#FoodTuesday #WarSuGai #WorSuGai #HoeKow
Lo, these many long years ago, a handsome teacher asked a Red Cross office worker to join him and a couple of friends for dinner at a restaurant. That teacher was my late husband, that office worker was myself, and those friends were people you probably don’t know, unless you’re Barbara Greer, in which case, Hi, Barbara!
We went to the now-defunct Hoe Kow near Bowman Field in Louisville, Kentucky, and we got War Su Gai, and it was SO GOOD!!!! (Not enough ones and zeroes to make all the necessary exclamation marks upon the ether.)
ANYWAY, it turns out it isn’t a technically difficult dish to make, so I finally tried my hand at it.

The recipe I mostly used was by Laura Yoder, and I found it on a site called Just A Pinch, which is my kinda cooking measurement.
For some reason, I wanted celery in it, so I added celery.

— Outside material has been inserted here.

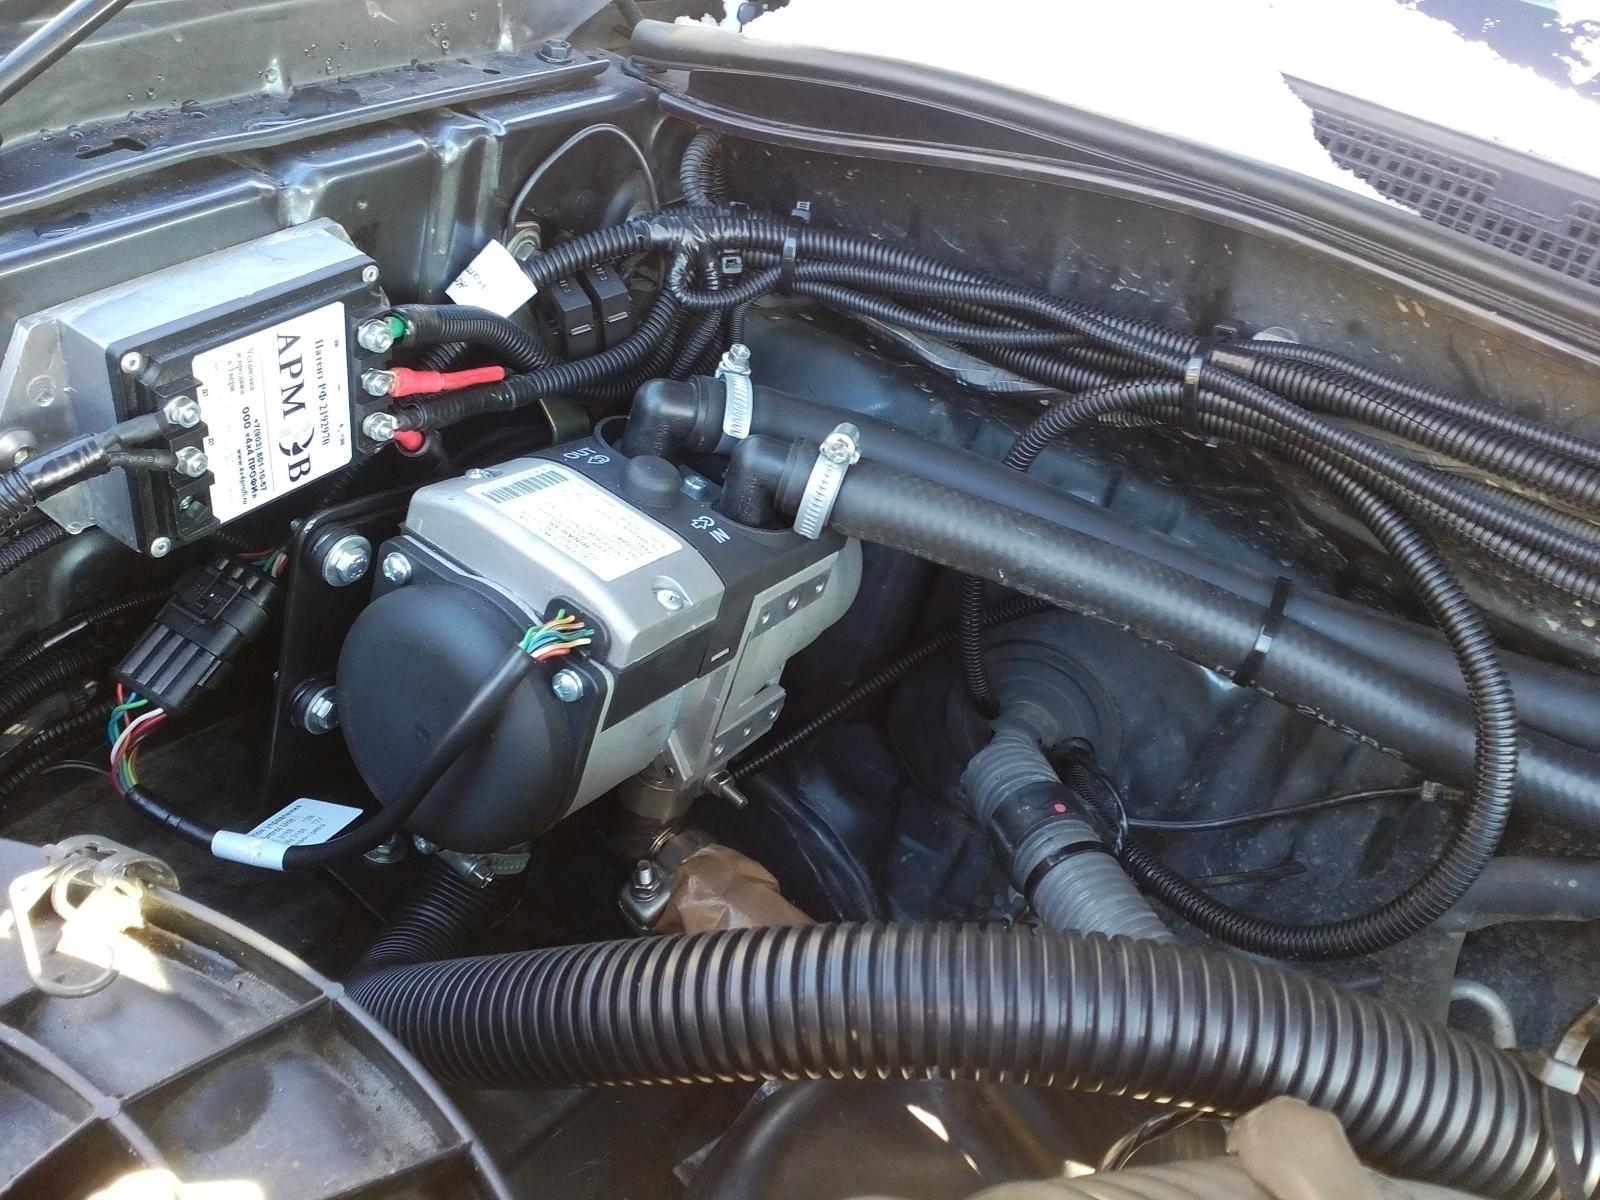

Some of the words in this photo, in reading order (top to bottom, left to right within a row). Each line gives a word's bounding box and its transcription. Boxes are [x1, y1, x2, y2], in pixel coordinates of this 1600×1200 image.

I had to buy chicken stock and chicken bouillon, since I don’t keep either in my pantry. Well, yeah, I had to buy chicken, too, shut up.
It was, as my grandpa would have said, messy but nourishin’.

I was three days getting all the grease off everything.
But it was good. Not Hoe Kow good, but PLENTY good. As for “not Hoe Kow good” goes, I like this explanation by Ron Mikulak on the Food & Dining website, which is how he explained the dissatisfaction of his readers regarding his inability (or, as they claimed, unwillingness) to help them EXACTLY duplicate the dish from their memories:
I said, in short, that there was likely no “recipe” as such, that the cooks at Hoe Kow were very likely trained by doing (likely by their parents); that their English-language proficiencies likely prohibited them from explaining, let along writing down, how they made the dish; that they very likely used very high temperature woks that a home kitchen could not match; that their ingredients were likely obtained from suppliers not available to a home retail customer; and that the real reason that this dish stands out in Louisvillians’ memories is that the cooks made it twenty times a night, seven nights a week, and had it down pat; and, very likely, it was one of the first “exotic” restaurant meals that the diner had enjoyed, and so their recollection of the dining experience was tinged with abstract qualities of time, mood and atmosphere that perhaps colored the memory of the taste of the dish. All of these factors militate against the possibility of re-creating the dish in one’s home kitchen, even if there were a “recipe” for the home cook to follow. So stop asking. There is nobody from Hoe Kow around to ask, and if there were, it wouldn’t help. Enjoy the dish in your memory, where it is safe and always delicious.
Ron Mikulak
I think he’s probably right, but it will always please me to order (or, VERY occasionally, to attempt to recreate) the Hoe Kow’s War Su Gai, just for the sake of that happy first date.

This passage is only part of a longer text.